_Instructions for the task_
Reproduce everything from the line that contains "this 2048×1152 image." down to the line that contains "this 1920×1440 image." in the listing below, word for word and nothing more. Leave the pictures out.

_Excerpted data_

-*-

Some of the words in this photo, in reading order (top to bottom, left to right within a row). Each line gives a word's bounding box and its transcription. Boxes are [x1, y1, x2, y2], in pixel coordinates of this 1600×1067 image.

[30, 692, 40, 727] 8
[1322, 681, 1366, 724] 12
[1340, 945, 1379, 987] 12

-*-

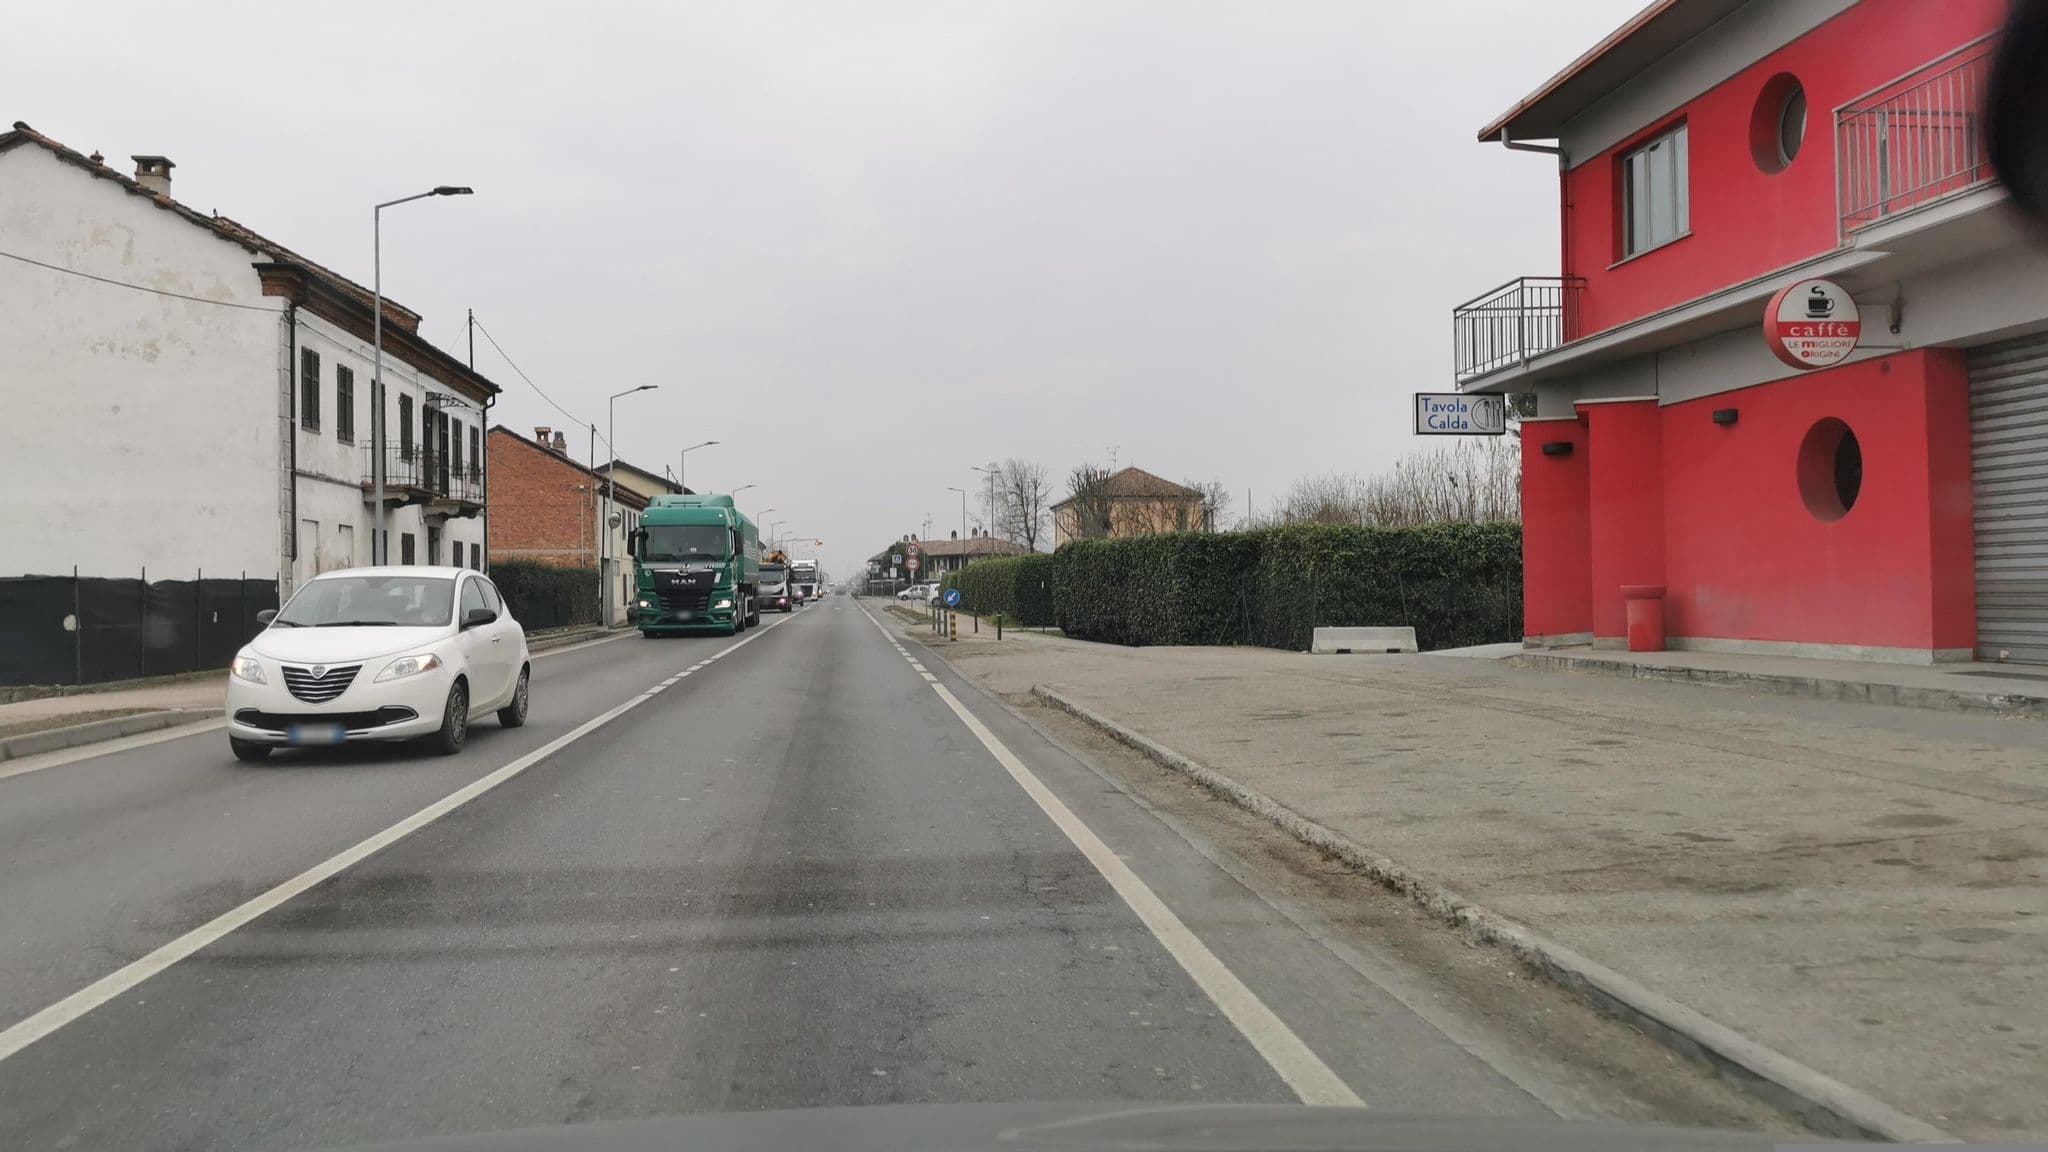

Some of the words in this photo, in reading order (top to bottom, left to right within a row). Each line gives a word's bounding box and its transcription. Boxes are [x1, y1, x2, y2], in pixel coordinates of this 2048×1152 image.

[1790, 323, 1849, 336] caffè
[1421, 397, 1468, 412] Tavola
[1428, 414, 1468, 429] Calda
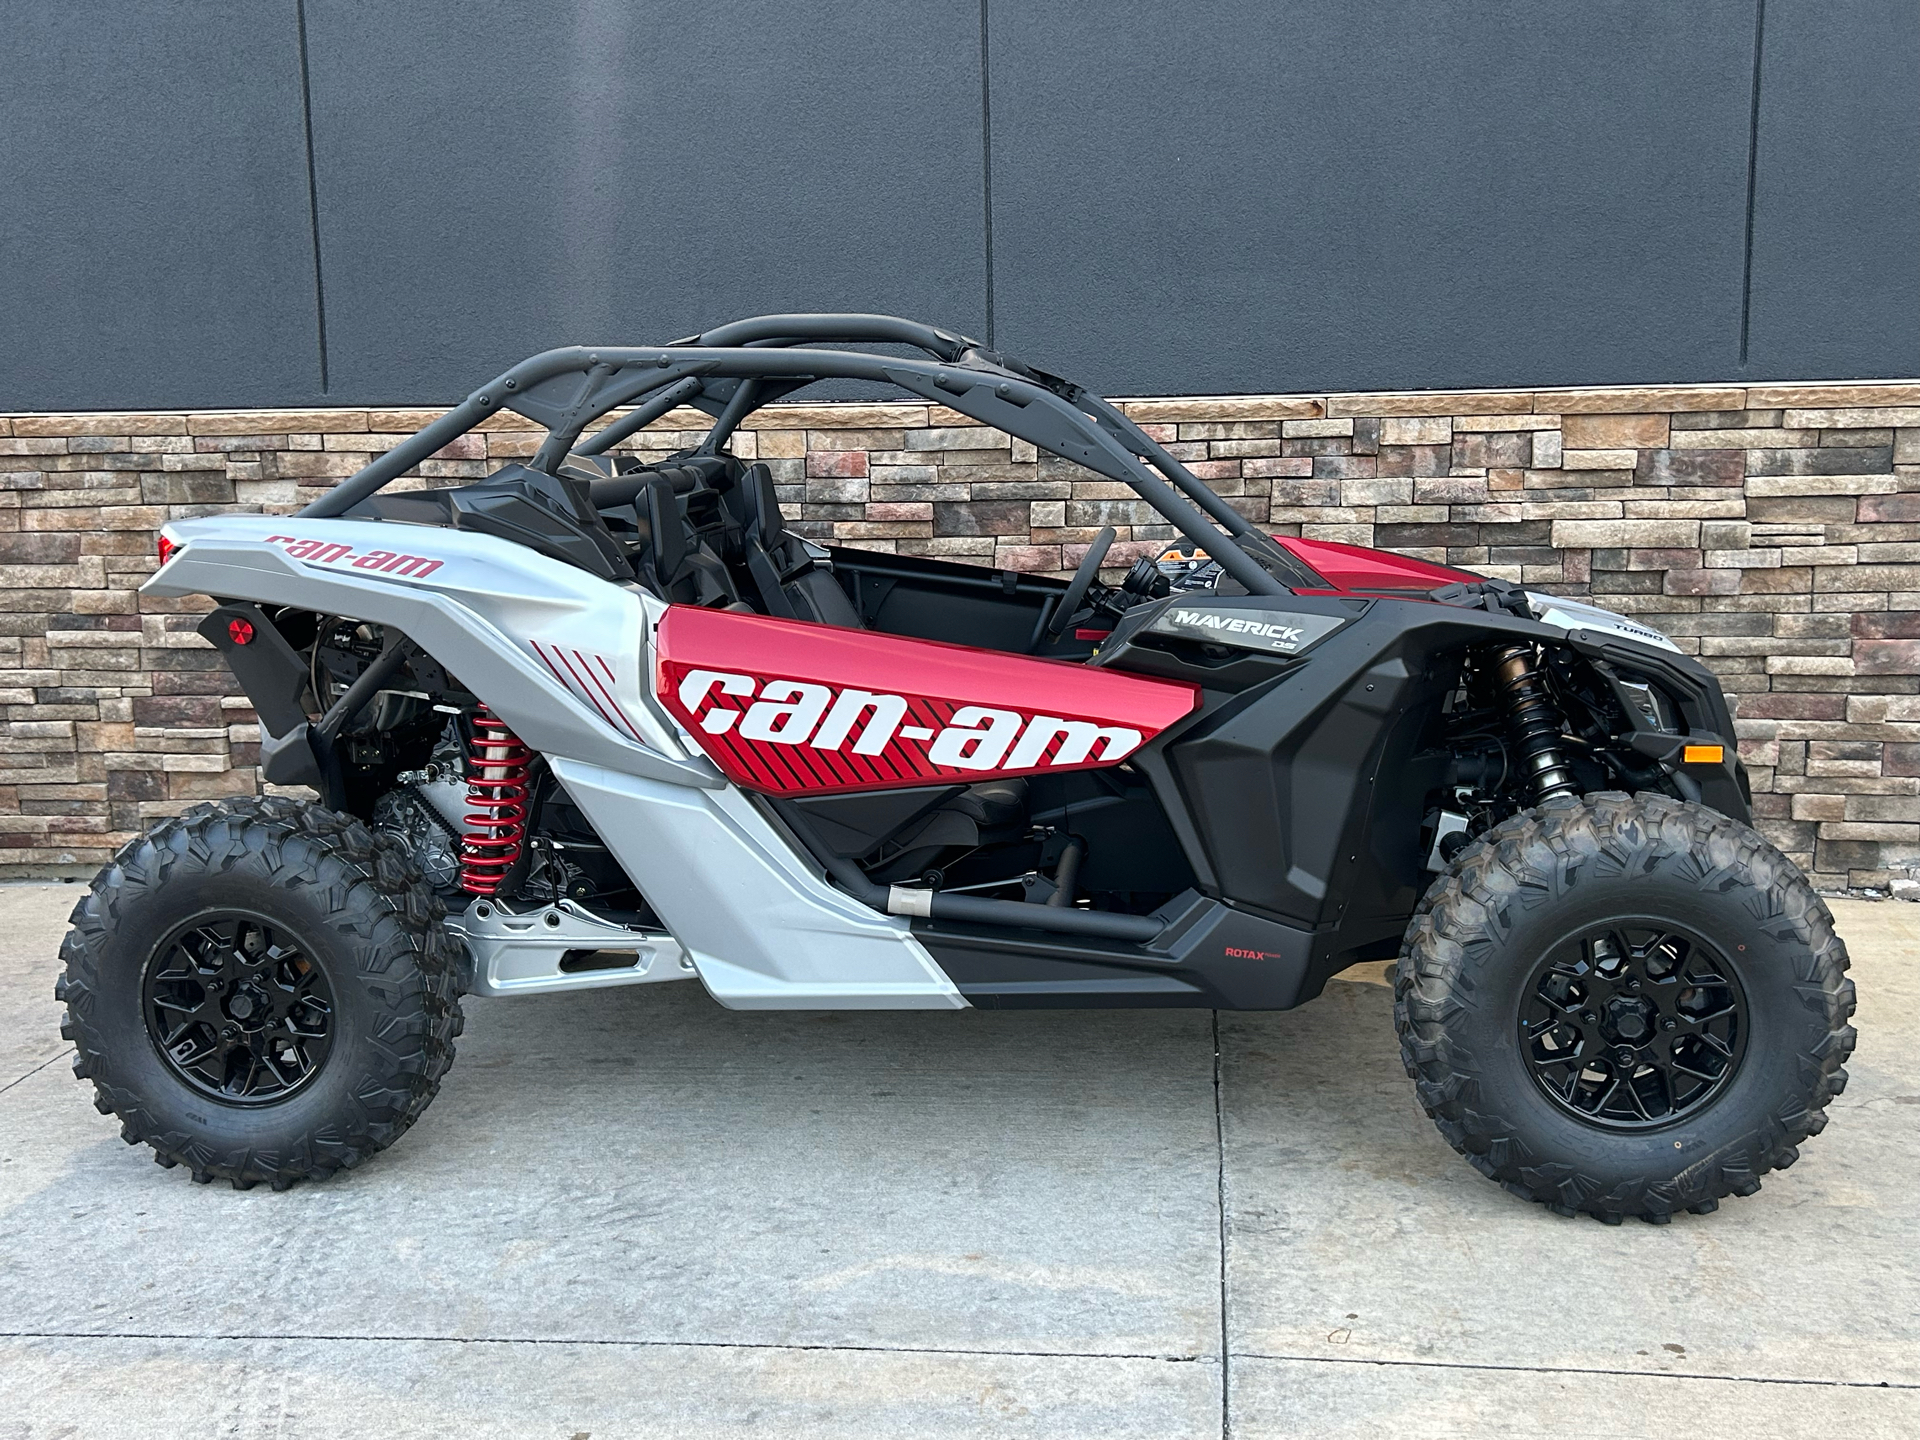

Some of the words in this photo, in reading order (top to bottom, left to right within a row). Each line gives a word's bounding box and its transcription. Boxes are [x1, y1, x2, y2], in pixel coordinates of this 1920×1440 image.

-*-

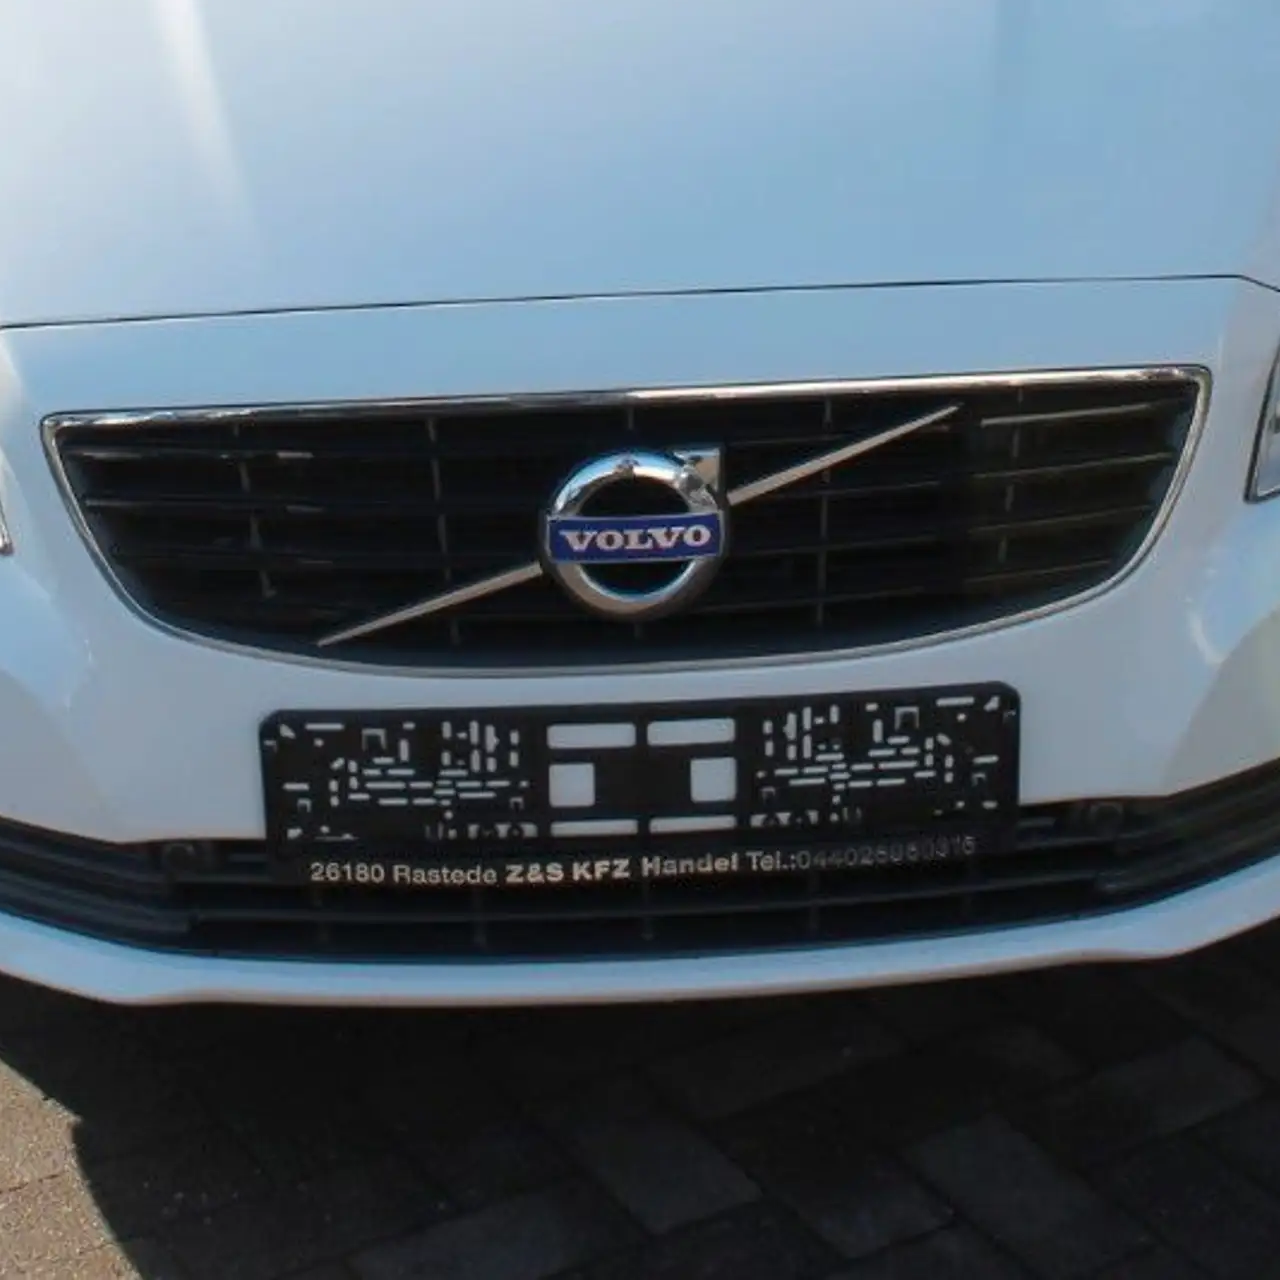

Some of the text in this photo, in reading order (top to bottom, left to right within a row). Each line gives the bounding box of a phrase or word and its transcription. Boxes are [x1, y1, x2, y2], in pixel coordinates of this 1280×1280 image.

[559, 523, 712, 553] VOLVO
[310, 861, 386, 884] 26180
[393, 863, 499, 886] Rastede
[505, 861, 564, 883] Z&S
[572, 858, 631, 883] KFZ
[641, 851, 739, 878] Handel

-*-

_Solution to the problem_
Some of the words in this photo, in reading order (top to bottom, left to right within a row). Each line gives a word's bounding box and its transcription. Boxes are [x1, y1, x2, y2], in pixel coordinates of this 2048×1152 image.

[1790, 323, 1849, 336] caffè
[1421, 397, 1468, 412] Tavola
[1428, 414, 1468, 429] Calda

Some of the words in this photo, in reading order (top to bottom, left to right within a row). Each line gives a word's bounding box and its transcription. Boxes are [x1, y1, x2, y2], in pixel coordinates of this 1920×1440 image.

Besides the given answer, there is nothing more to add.